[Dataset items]
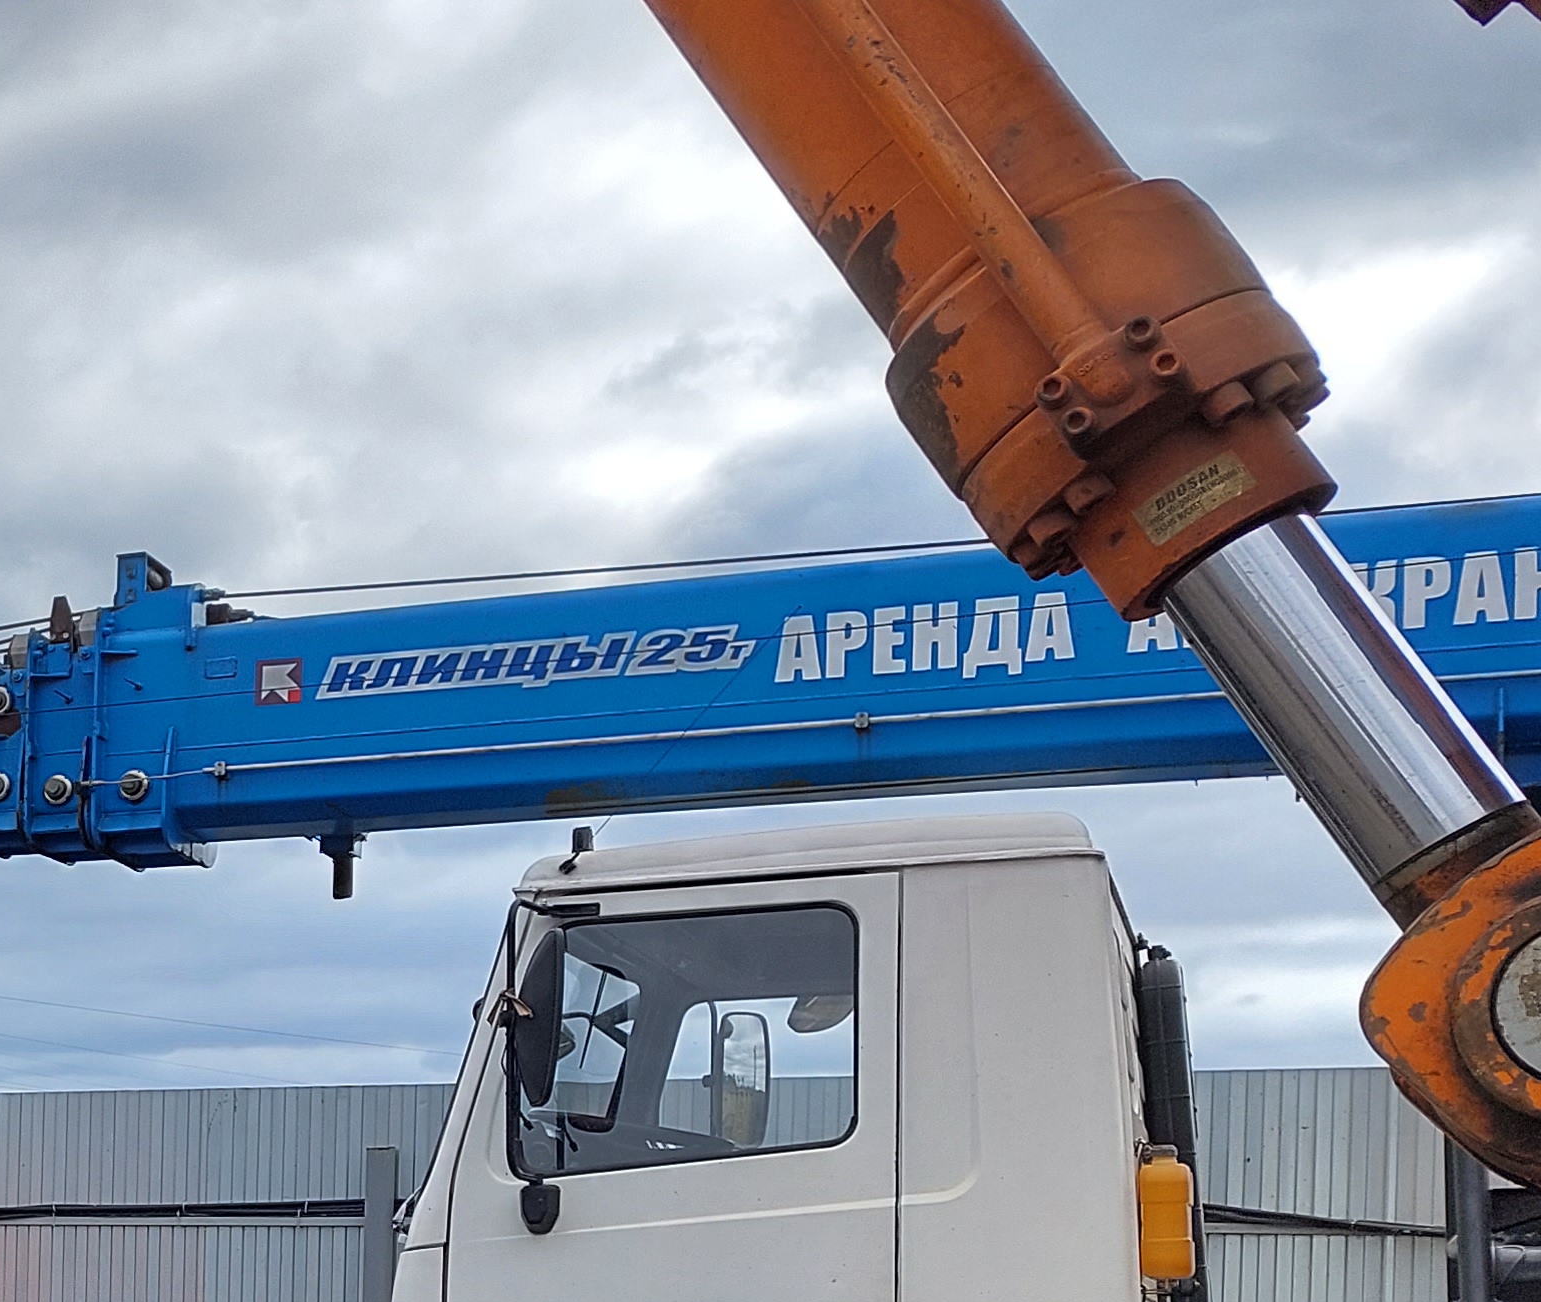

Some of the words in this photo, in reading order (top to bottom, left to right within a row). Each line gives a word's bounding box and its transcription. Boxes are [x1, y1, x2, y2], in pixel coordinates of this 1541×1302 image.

[1155, 464, 1220, 511] DOOSAN
[321, 634, 631, 695] КЛИНЦЫ
[774, 592, 1076, 682] АРЕНДА
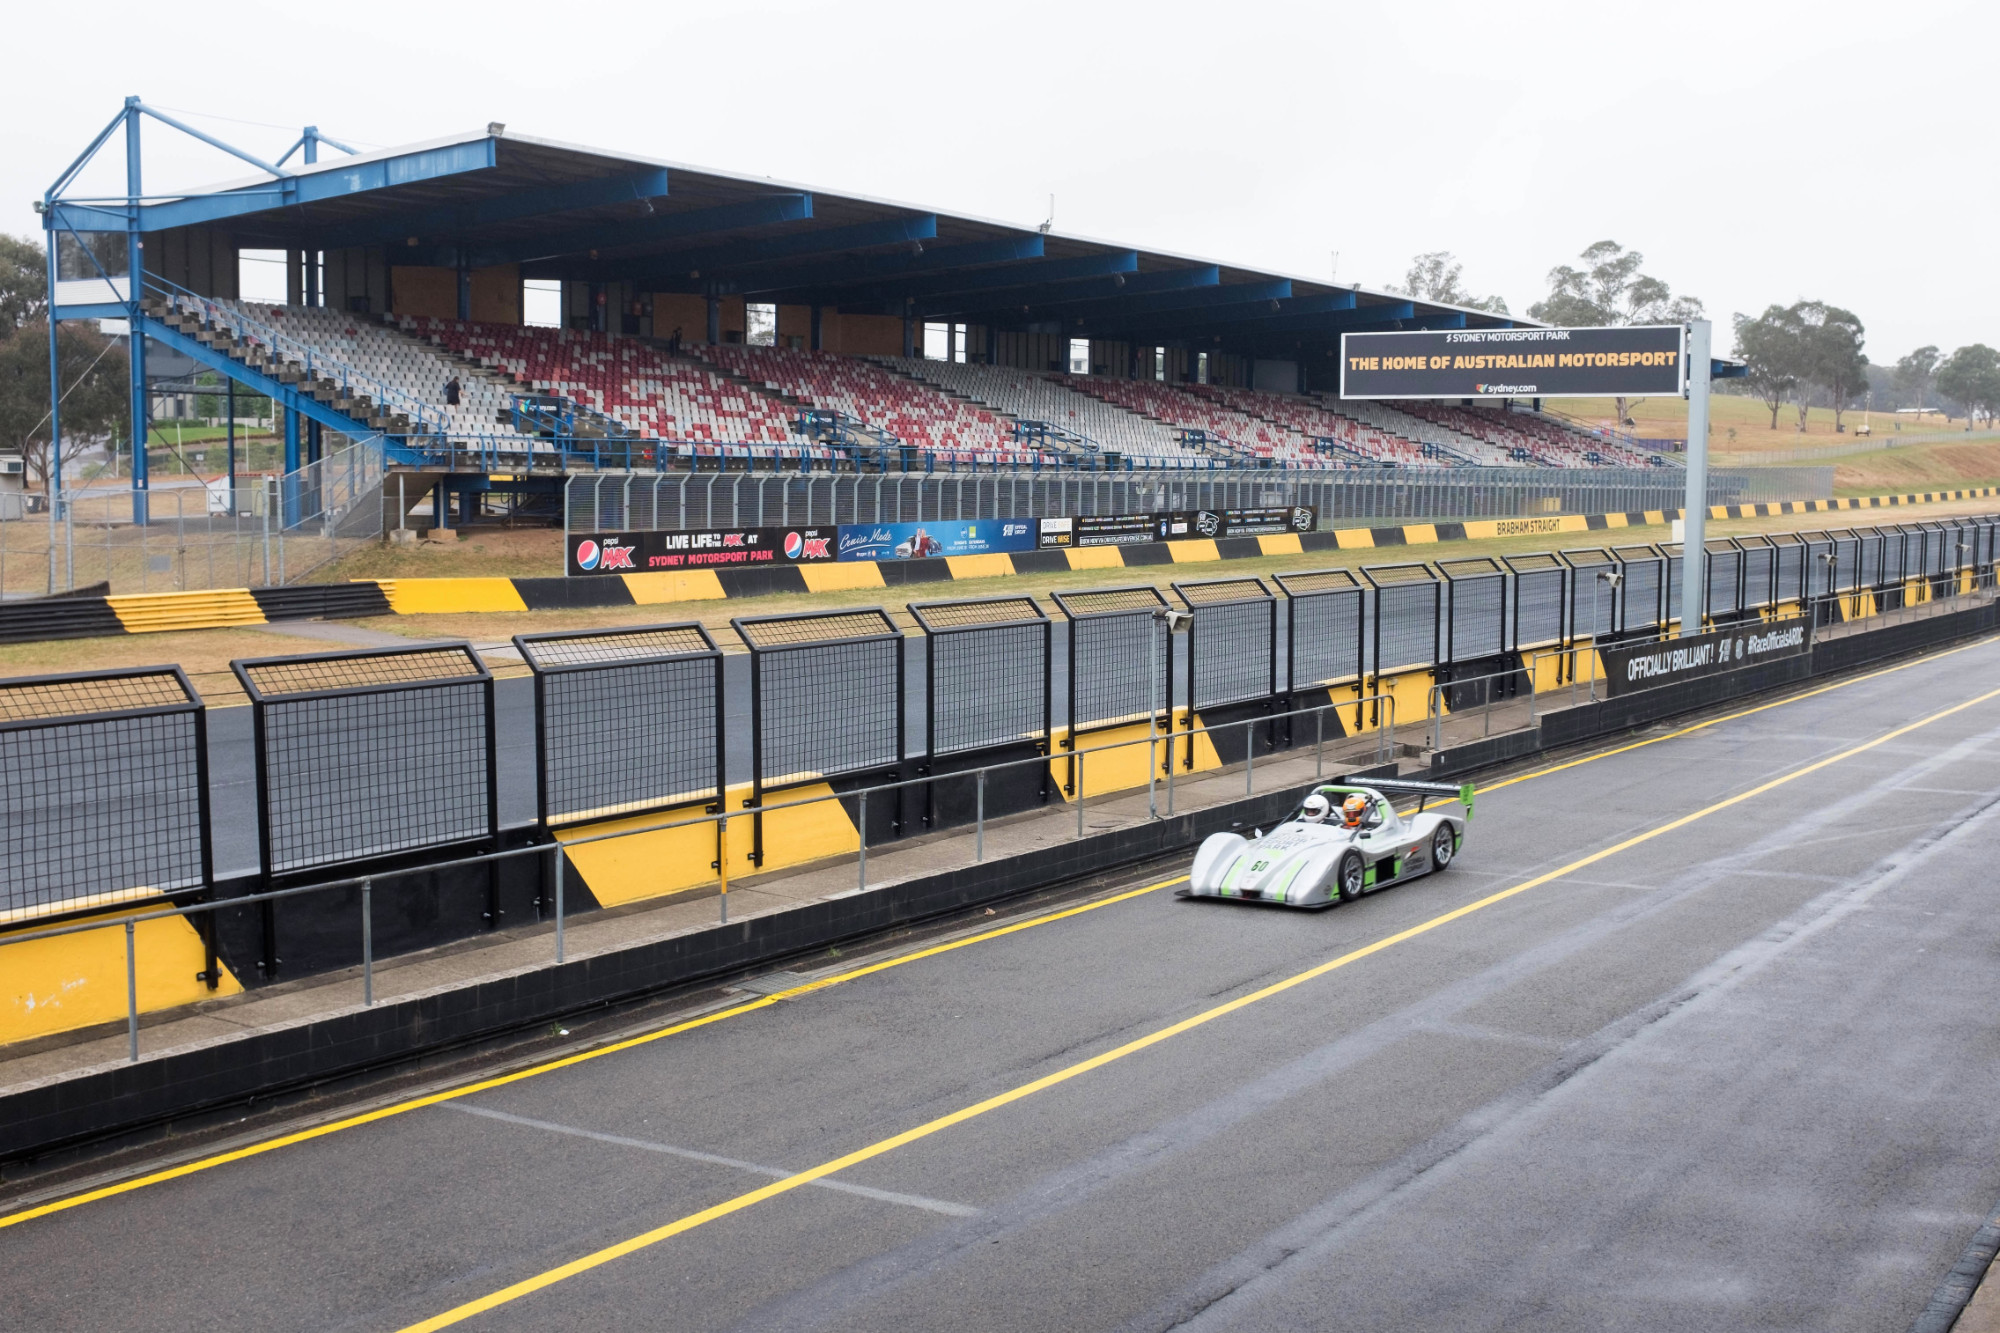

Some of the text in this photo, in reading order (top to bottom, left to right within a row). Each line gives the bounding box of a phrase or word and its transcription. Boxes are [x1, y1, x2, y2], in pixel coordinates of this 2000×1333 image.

[1453, 331, 1570, 343] SYDNEY MOTORSPORT PARK
[1350, 351, 1677, 371] THE HOME OF AUSTRALIAN MOTORSPORT
[1488, 384, 1537, 394] sydney.com
[1042, 521, 1057, 530] DRIVE
[1497, 519, 1560, 535] BRABHAM STRAIGHT
[603, 537, 619, 546] pepsi
[666, 535, 689, 549] LIVE
[691, 533, 712, 548] LIFE
[723, 533, 745, 547] MAX
[747, 534, 758, 544] AT
[805, 530, 818, 538] pepsi
[869, 527, 892, 542] Mode
[1042, 535, 1070, 544] DRIVE WISE
[802, 538, 831, 559] MAX
[601, 546, 636, 570] MAX
[648, 550, 774, 567] SYDNEY MOTORSPORT PARK
[1747, 626, 1804, 655] #RaceOfficialsARDC
[1628, 654, 1671, 682] OFFICIALLY
[1251, 861, 1269, 871] 60

DESCRIPTION OF THE TASK: Copy the data word for word. Pictures do not go in the copy.

ANSWER:
Some of the words in this photo, in reading order (top to bottom, left to right within a row). Each line gives a word's bounding box and its transcription. Boxes are [x1, y1, x2, y2], in pixel coordinates of this 1541×1302 image.

[1155, 464, 1220, 511] DOOSAN
[321, 634, 631, 695] КЛИНЦЫ
[774, 592, 1076, 682] АРЕНДА

Some of the text in this photo, in reading order (top to bottom, left to right within a row). Each line gives the bounding box of a phrase or word and its transcription. Boxes are [x1, y1, x2, y2], in pixel coordinates of this 2000×1333 image.

[1453, 331, 1570, 343] SYDNEY MOTORSPORT PARK
[1350, 351, 1677, 371] THE HOME OF AUSTRALIAN MOTORSPORT
[1488, 384, 1537, 394] sydney.com
[1042, 521, 1057, 530] DRIVE
[1497, 519, 1560, 535] BRABHAM STRAIGHT
[603, 537, 619, 546] pepsi
[666, 535, 689, 549] LIVE
[691, 533, 712, 548] LIFE
[723, 533, 745, 547] MAX
[747, 534, 758, 544] AT
[805, 530, 818, 538] pepsi
[869, 527, 892, 542] Mode
[1042, 535, 1070, 544] DRIVE WISE
[802, 538, 831, 559] MAX
[601, 546, 636, 570] MAX
[648, 550, 774, 567] SYDNEY MOTORSPORT PARK
[1747, 626, 1804, 655] #RaceOfficialsARDC
[1628, 654, 1671, 682] OFFICIALLY
[1251, 861, 1269, 871] 60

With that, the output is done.